Haptoglobin polymorphism correlated with coronary artery disease

Introduction: Haptoglobin polymorphism has been correlated with disease and some studies have associated the Hp2 allele with susceptibility to or protection against certain infectious (pulmonary tuberculosis, HIV) and non-infectious (diabetes, coronary artery disease, obesity) diseases. The aim of this study was to verify possible correlations of haptoglobin genotypes and subtypes by comparing coronary artery disease (CAD) patients with blood donors.

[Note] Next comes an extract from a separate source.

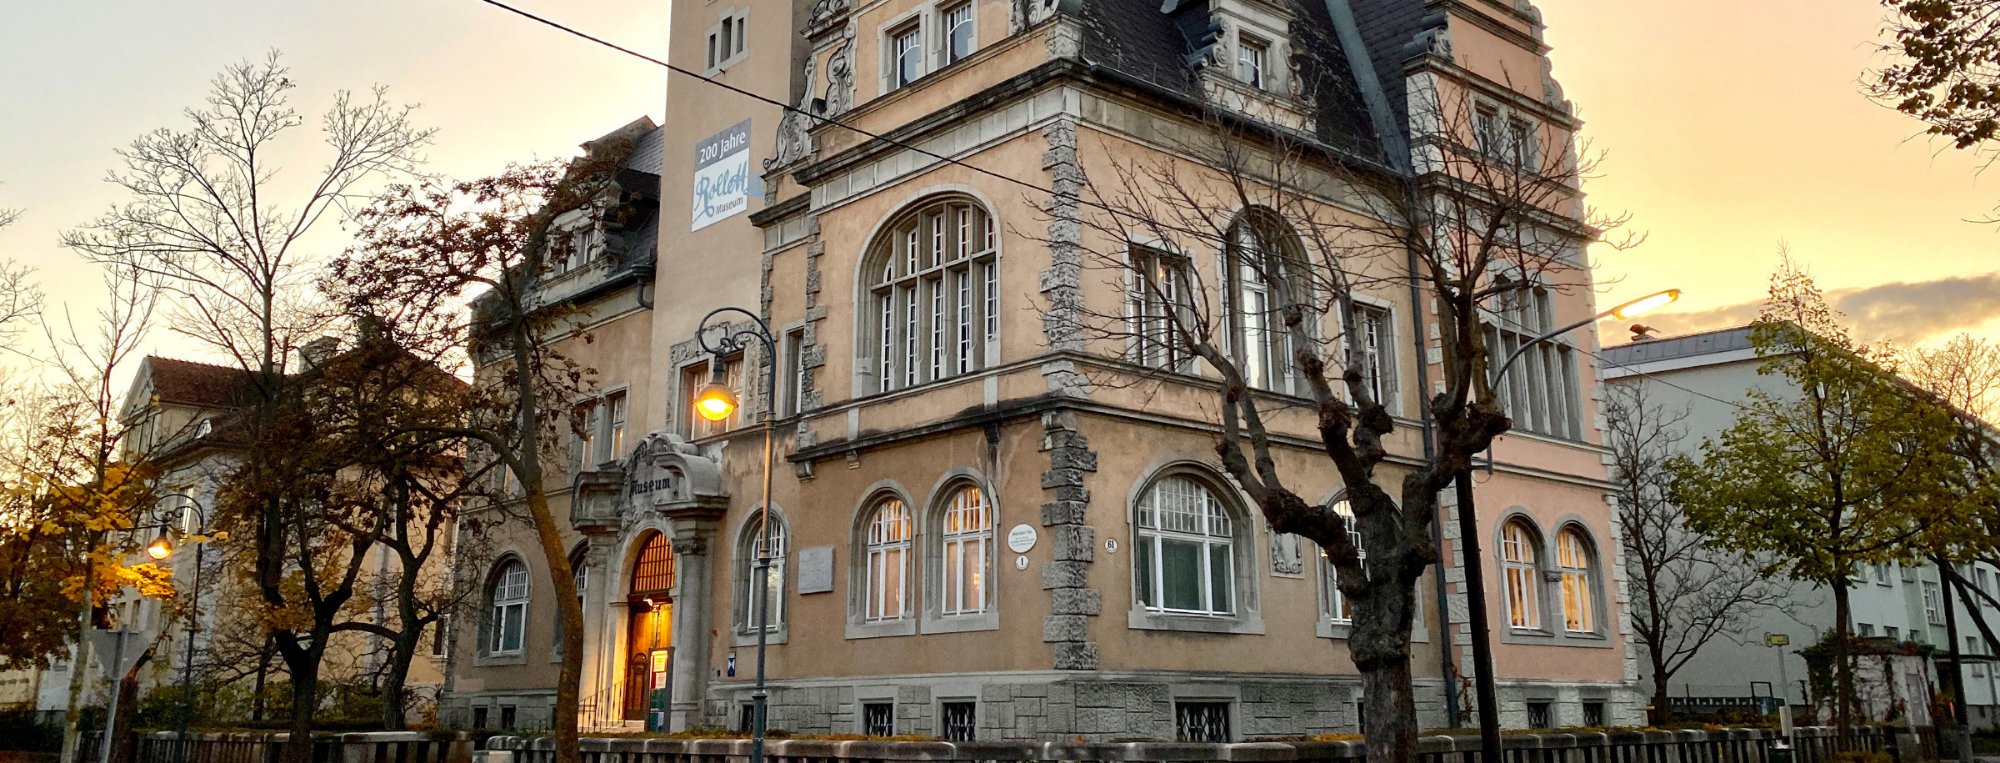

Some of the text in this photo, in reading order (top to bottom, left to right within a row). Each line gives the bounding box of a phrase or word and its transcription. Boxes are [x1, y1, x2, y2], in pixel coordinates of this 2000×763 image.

Material and methods: Haptoglobin genotypes and subtypes were analyzed by DNA amplification with the DraI restriction enzyme, in 125 CAD patients diagnosed by coronary angiography, and 125 blood donors as matched healthy controls.
Results: The distribution of haptoglobin genotypes was similar in the groups, without significant statistical differences (p = 0.643). The Hp2/Hp2 genotype was more frequent in both the CAD group and blood donors followed by Hp2/Hp1 and Hp1/Hp1. The allele frequency of Hp2 was higher than Hp1 in the groups. The results showed a significant difference (p = 0.002) between the groups regarding haptoglobin subtypes; Hp2FS/Hp2FS was prevalent in both groups with the least frequent subtype being Hp2FF/Hp2FF for CAD patients and Hp1F/Hp1S among blood donors. There was a statistically significant difference (p = 0.027) between the frequencies of the commonest allele subtype, Hp2FS, and the least common, Hp2FF.
Conclusions: Unlike blood donors, the Hp2FF/Hp2FF haptoglobin subtype was the least frequent among CAD patients, which may implicate this subtype in the development of CAD, a disease with a high mortality rate which consequently reduces the proportion of these individuals in populations.